Enhancement of flagellated bacterial motility in polymer solutions

Measurements of the swimming speed of many species of flagellated bacteria in polymer solutions have shown that with the addition of high molecular weight polymers, the speed initially increases as a function of the kinematic viscosity. It peaks at around 1.5-2 cP with typically 10-30{\%} higher values than in cell media without added polymers ($\sim$ 1 cP). Past the peak, the average speed gradually decreases as the solution becomes more viscous. Swimming motility persists until solution viscosity reaches 5-10 cP. Models have been proposed to account for this behavior, and the magnitude of the peak becomes a crucial test of theoretical predictions.
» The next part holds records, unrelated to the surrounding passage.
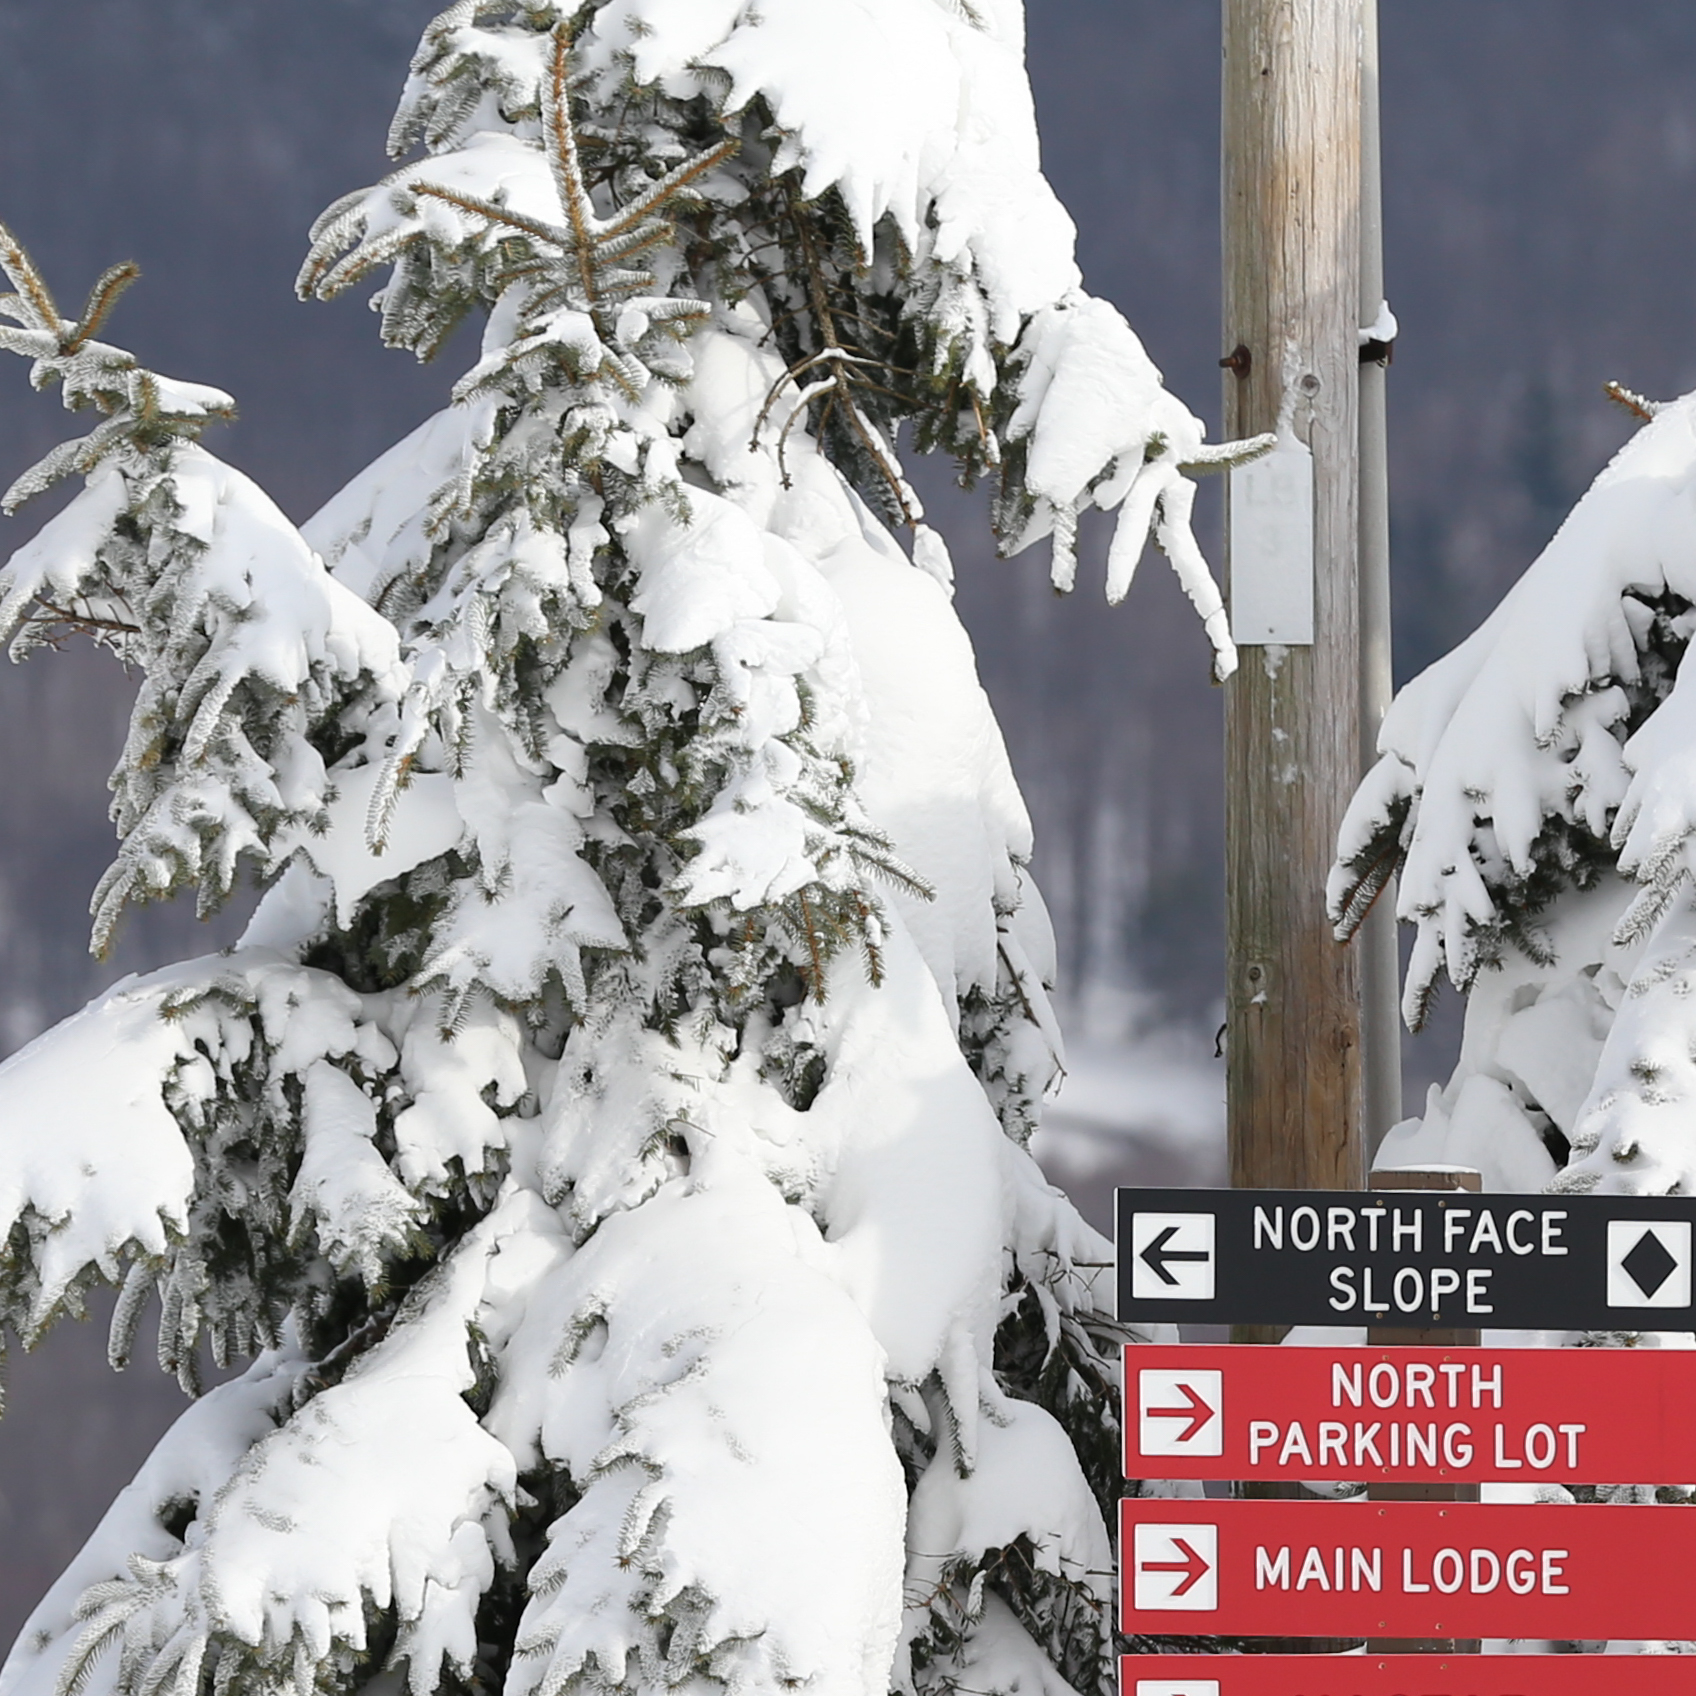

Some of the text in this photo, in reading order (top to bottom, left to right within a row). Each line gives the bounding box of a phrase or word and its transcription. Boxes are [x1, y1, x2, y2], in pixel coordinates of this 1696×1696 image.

[1254, 1206, 1568, 1255] NORTH FACE
[1329, 1266, 1493, 1314] SLOPE
[1332, 1362, 1502, 1408] NORTH
[1249, 1421, 1586, 1469] PARKING LOT
[1256, 1546, 1569, 1595] MAIN LODGE
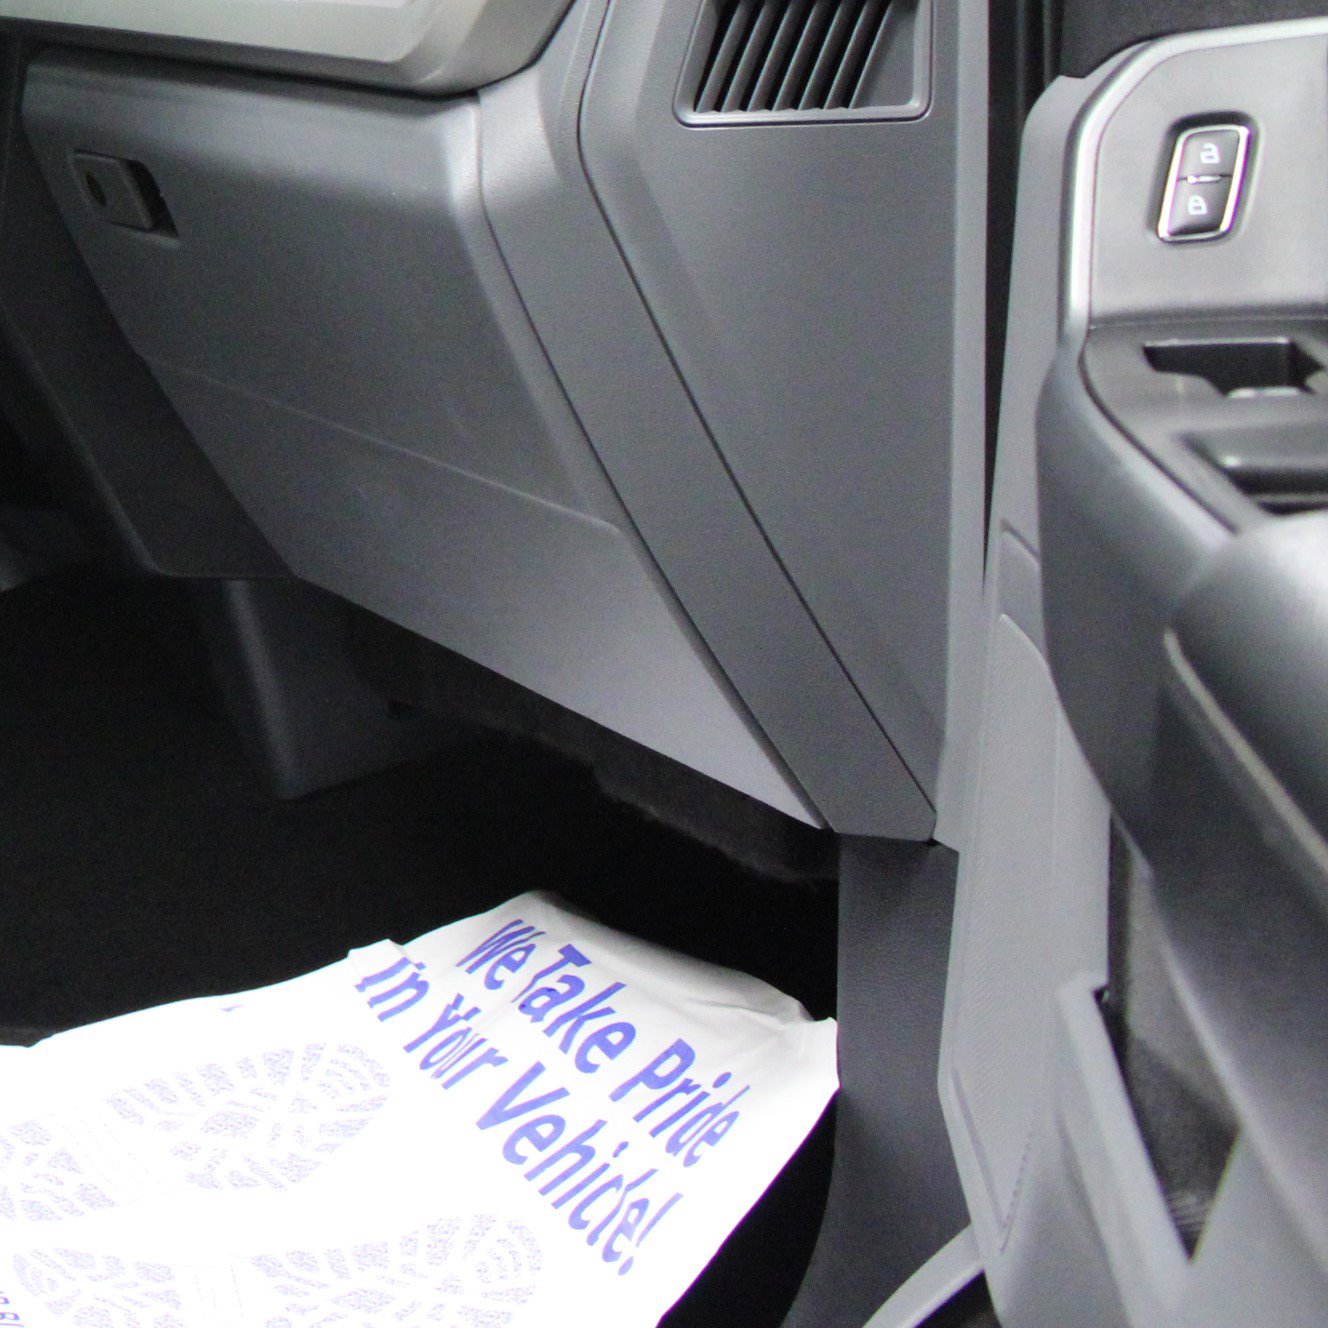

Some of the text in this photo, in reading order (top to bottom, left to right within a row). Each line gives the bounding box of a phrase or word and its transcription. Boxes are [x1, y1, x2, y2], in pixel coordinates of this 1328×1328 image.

[402, 993, 509, 1090] Your
[475, 1060, 684, 1276] Vehicle!
[455, 919, 751, 1168] We Take Pride
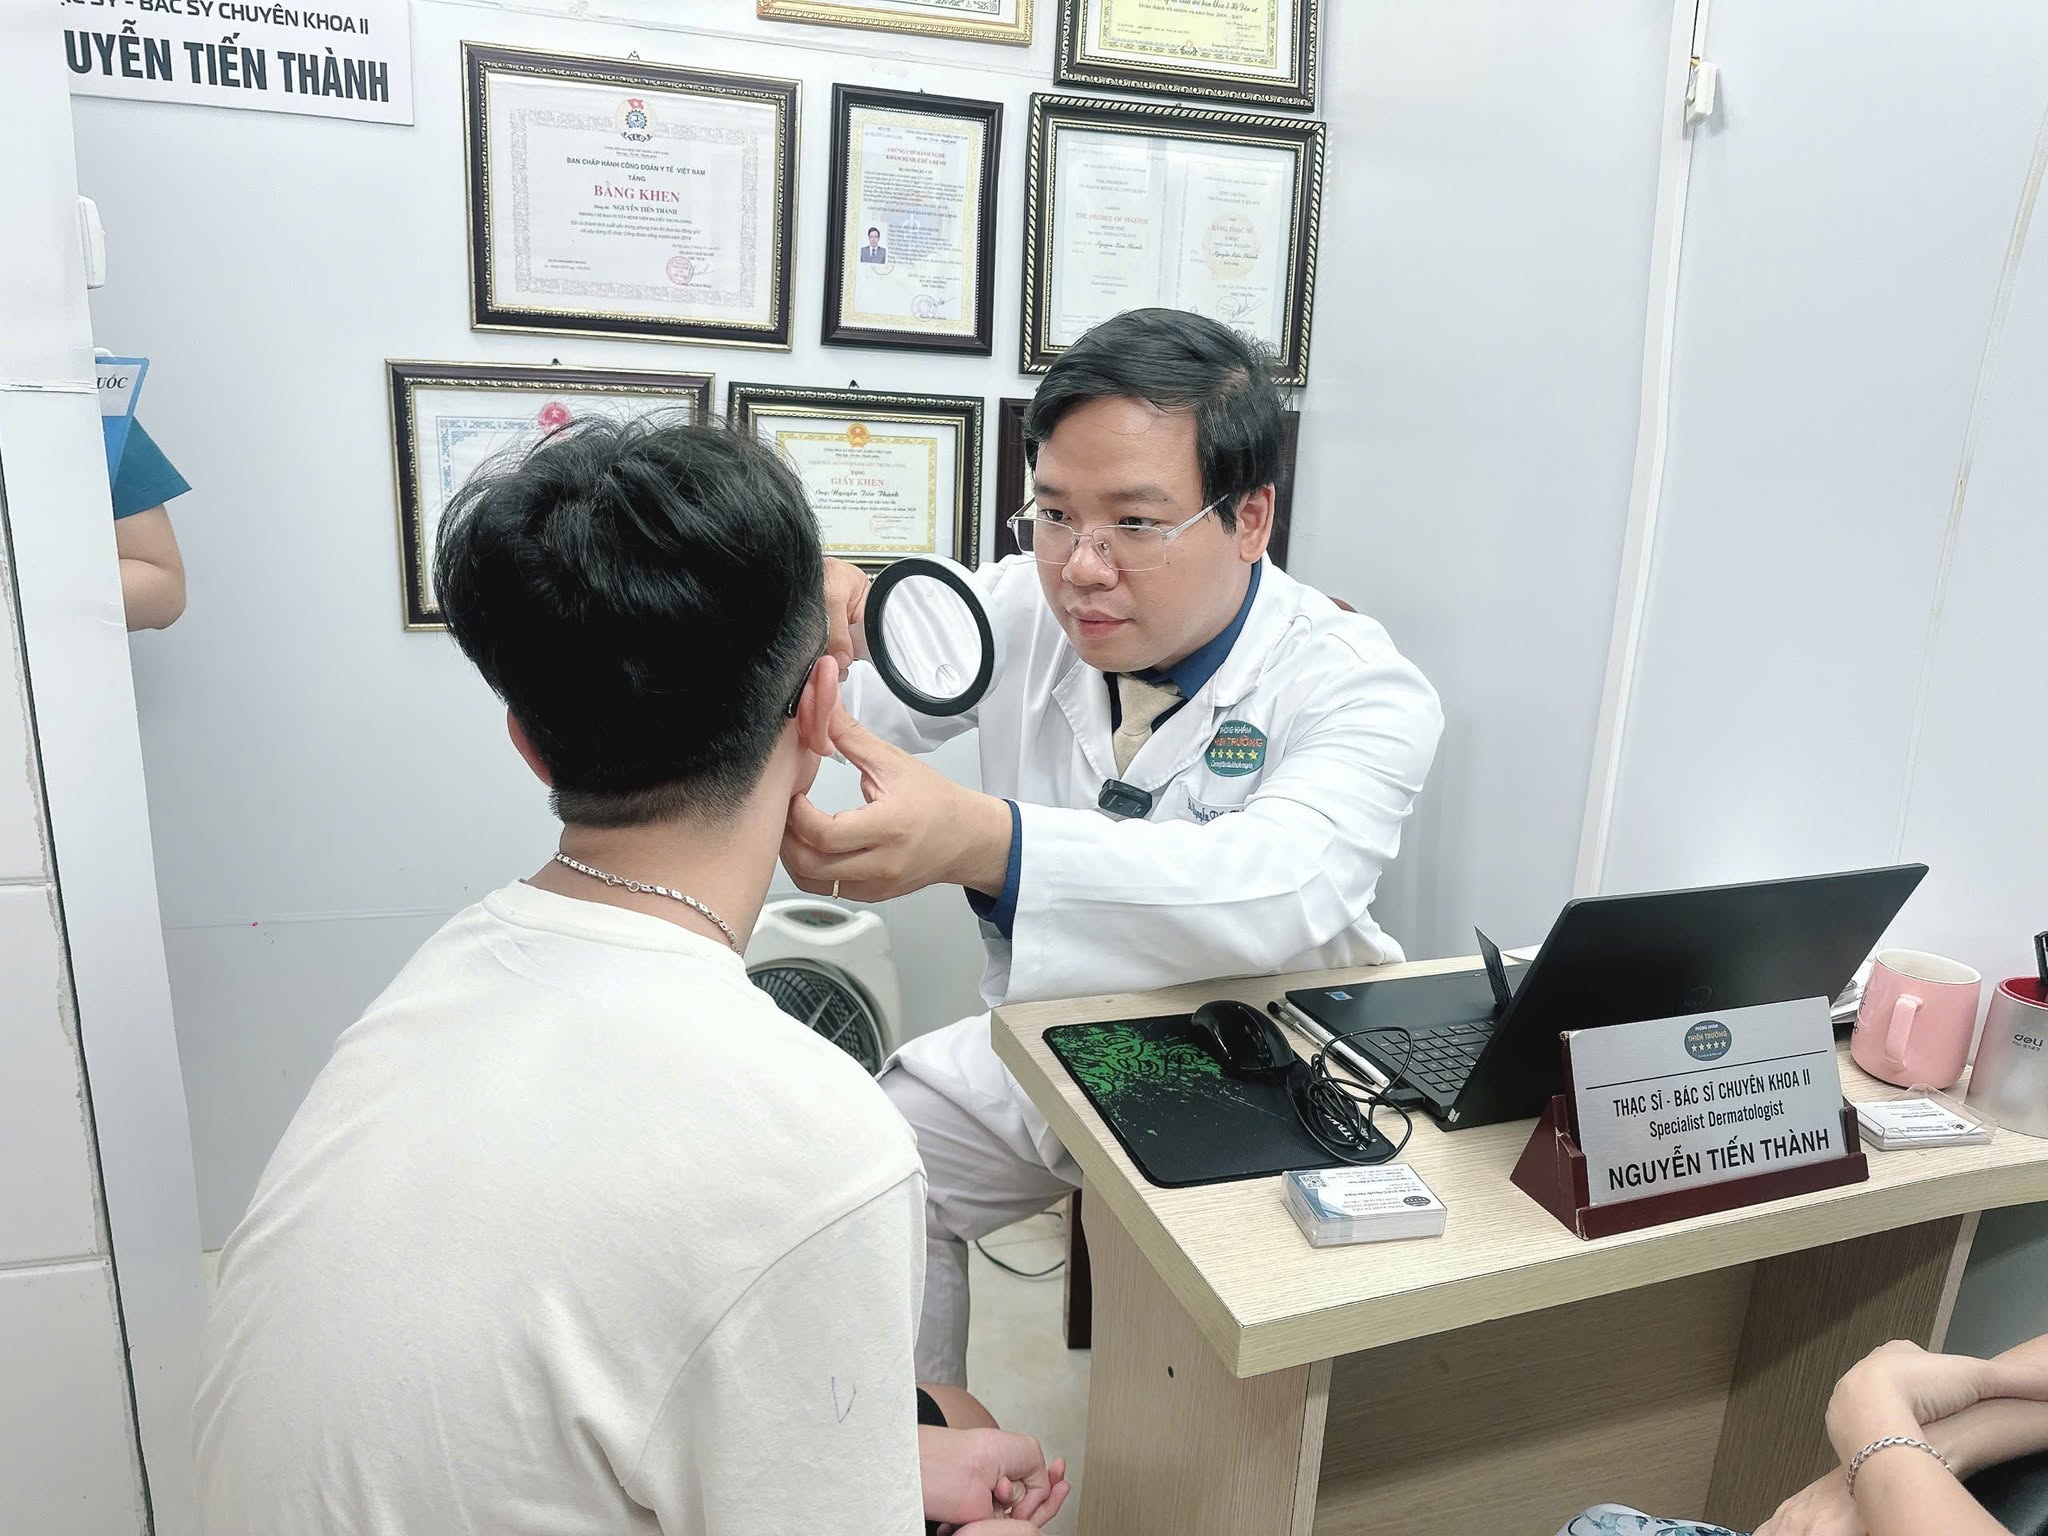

The status of the field is complicated in light of a recent report (Martinez et al.,PNAS, 2014), stressing that low-molecular weight impurities account for the peaked speed-viscosity curves in some cases. We measured the swimming speed of a uni-flagellated bacterium, caulobacter crescentus, in solutions of a number of polymers of several different sizes. Our findings confirm the peaked speed-viscosity curve, only as the molecular weight of the flexible polymers used surpassed $\sim$ 50,000 da. The threshold molecular weight required to augment swimming speed varies somewhat with the polymer species, but it generally corresponds to radius of gyration over tens of nanometers. This general feature is consistent with the model of Powers et al. (Physics of Fluid, 2009), predicting that nonlinear viscoelasticity of the fluid enhances swimming motility.